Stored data
------------------------------------------------------------

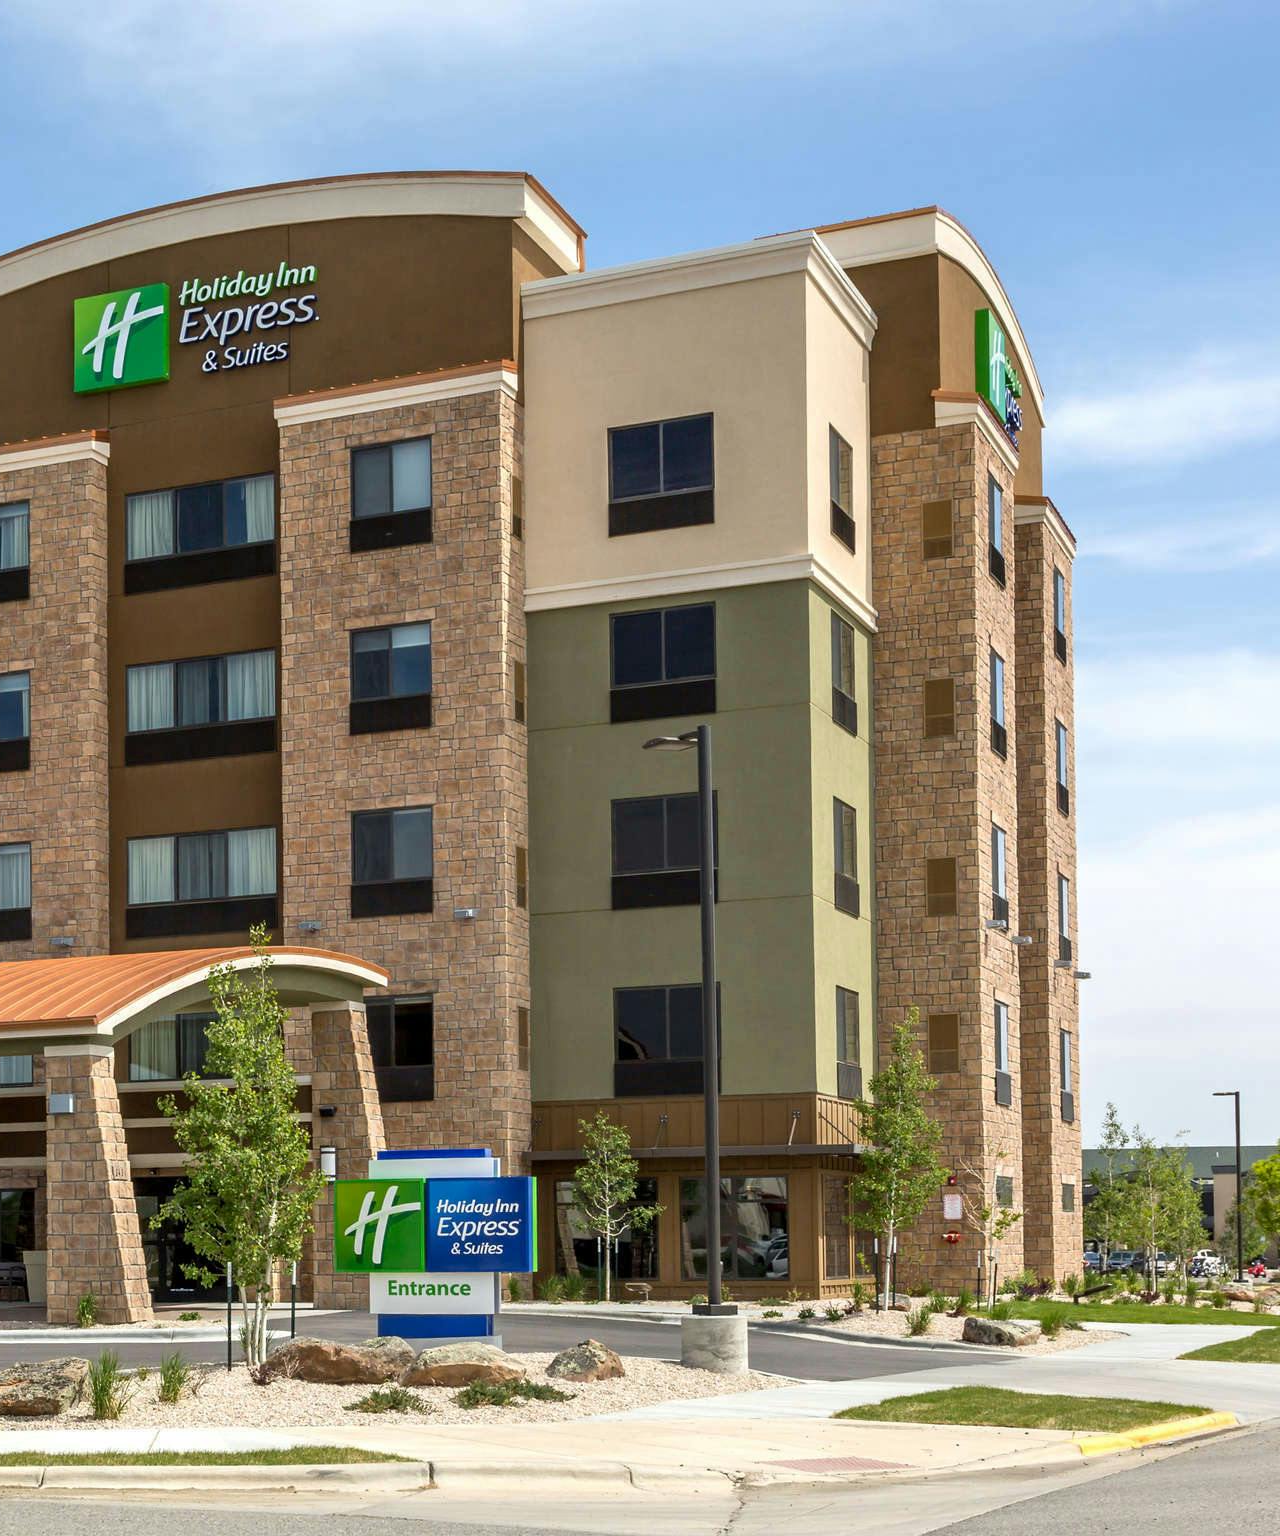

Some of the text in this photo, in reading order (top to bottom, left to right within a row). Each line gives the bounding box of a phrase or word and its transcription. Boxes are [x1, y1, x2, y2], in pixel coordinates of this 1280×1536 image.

[179, 262, 318, 306] Holiday Inn
[201, 342, 288, 372] & Suites
[436, 1198, 520, 1217] Holiday Inn
[436, 1216, 520, 1242] Express
[450, 1242, 504, 1255] & Suites
[387, 1279, 472, 1297] Entrance
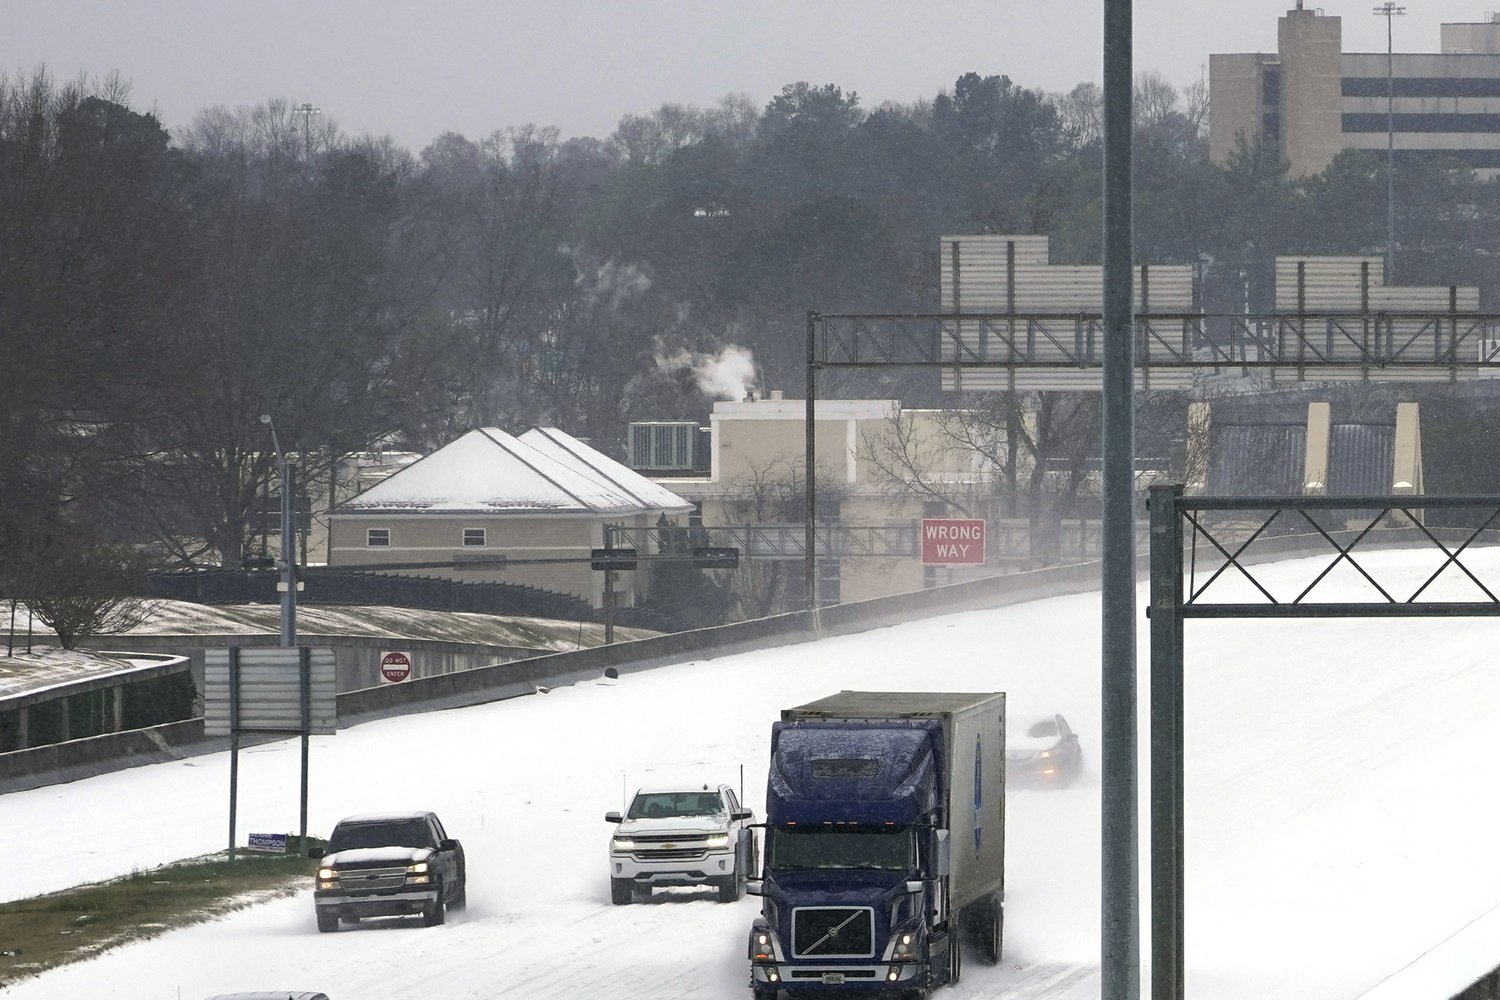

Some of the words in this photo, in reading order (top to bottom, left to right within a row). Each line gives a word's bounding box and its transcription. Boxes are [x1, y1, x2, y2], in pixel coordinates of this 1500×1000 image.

[926, 526, 981, 540] WRONG
[936, 544, 970, 558] WAY
[249, 838, 286, 847] THOMPSON
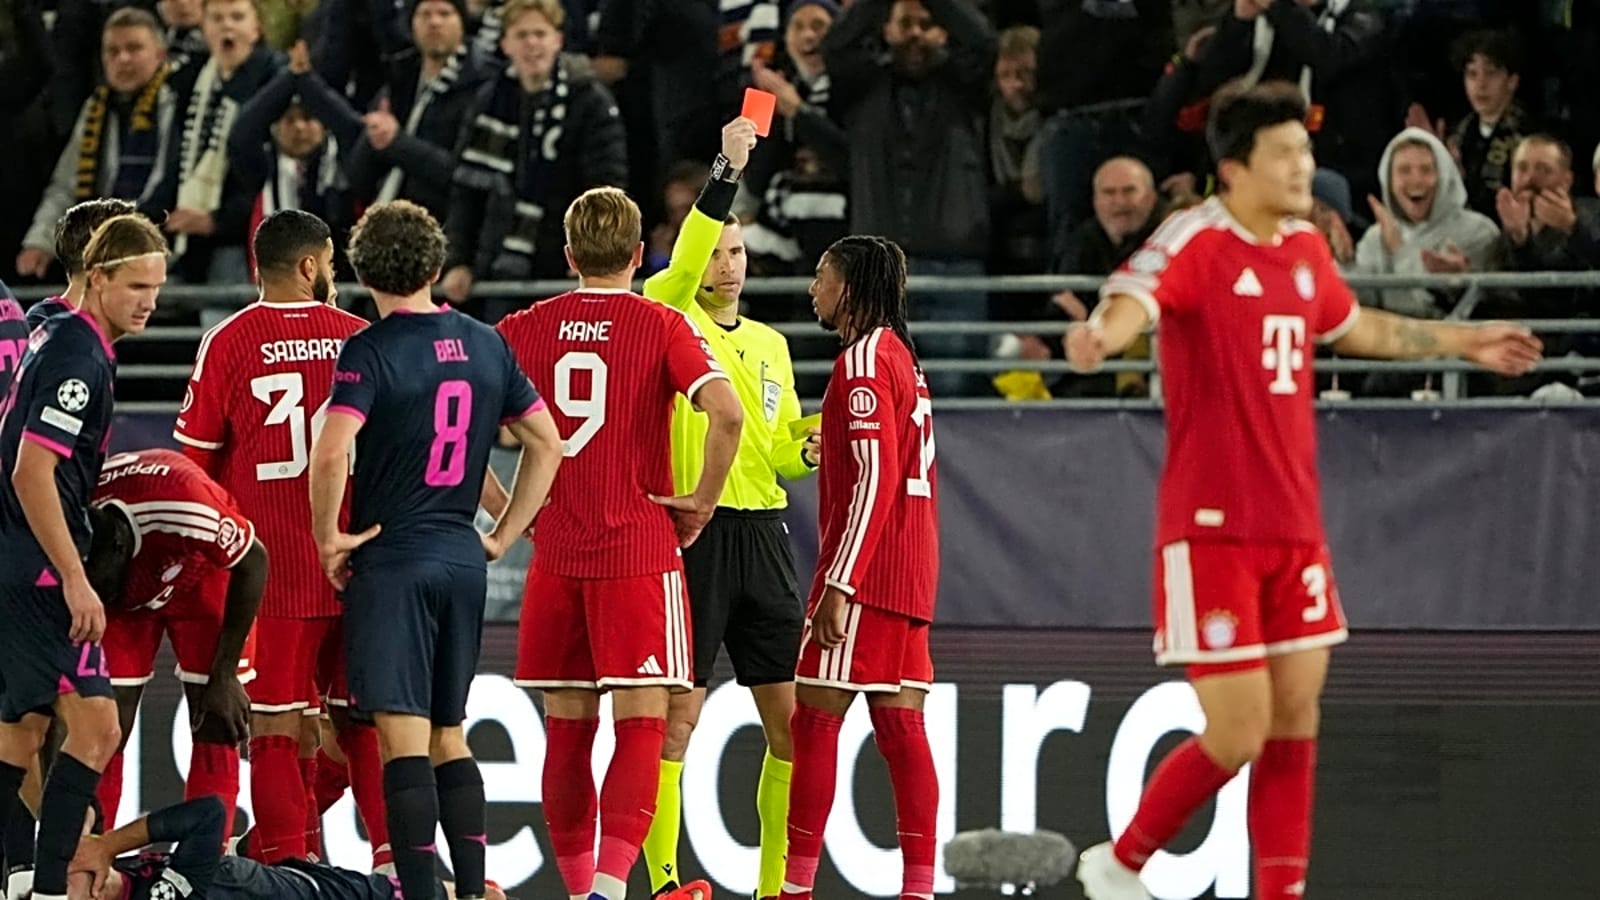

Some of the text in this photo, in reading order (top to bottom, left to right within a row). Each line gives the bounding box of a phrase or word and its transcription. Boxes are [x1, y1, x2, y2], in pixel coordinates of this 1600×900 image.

[260, 338, 341, 364] SAIBARI
[433, 338, 469, 362] BELL
[558, 320, 612, 341] KANE
[554, 351, 607, 457] 9
[425, 380, 472, 487] 8
[1301, 563, 1328, 623] 3

------------------------------------------------------------

» **Exercise requirements**
Set out every record exactly, images excluded.

» **Result of the exercise**
Some of the text in this photo, in reading order (top to bottom, left to right within a row). Each line gives the bounding box of a phrase or word and its transcription. Boxes are [x1, y1, x2, y2], in pixel coordinates of this 1280×1536 image.

[179, 262, 318, 306] Holiday Inn
[201, 342, 288, 372] & Suites
[436, 1198, 520, 1217] Holiday Inn
[436, 1216, 520, 1242] Express
[450, 1242, 504, 1255] & Suites
[387, 1279, 472, 1297] Entrance

Some of the words in this photo, in reading order (top to bottom, left to right within a row). Each line gives a word's bounding box and its transcription. Boxes are [x1, y1, x2, y2], in pixel coordinates of this 1500×1000 image.

[926, 526, 981, 540] WRONG
[936, 544, 970, 558] WAY
[249, 838, 286, 847] THOMPSON

Some of the text in this photo, in reading order (top to bottom, left to right within a row). Each line gives the bounding box of a phrase or word and its transcription. Boxes are [x1, y1, x2, y2], in pixel coordinates of this 1600×900 image.

[260, 338, 341, 364] SAIBARI
[433, 338, 469, 362] BELL
[558, 320, 612, 341] KANE
[554, 351, 607, 457] 9
[425, 380, 472, 487] 8
[1301, 563, 1328, 623] 3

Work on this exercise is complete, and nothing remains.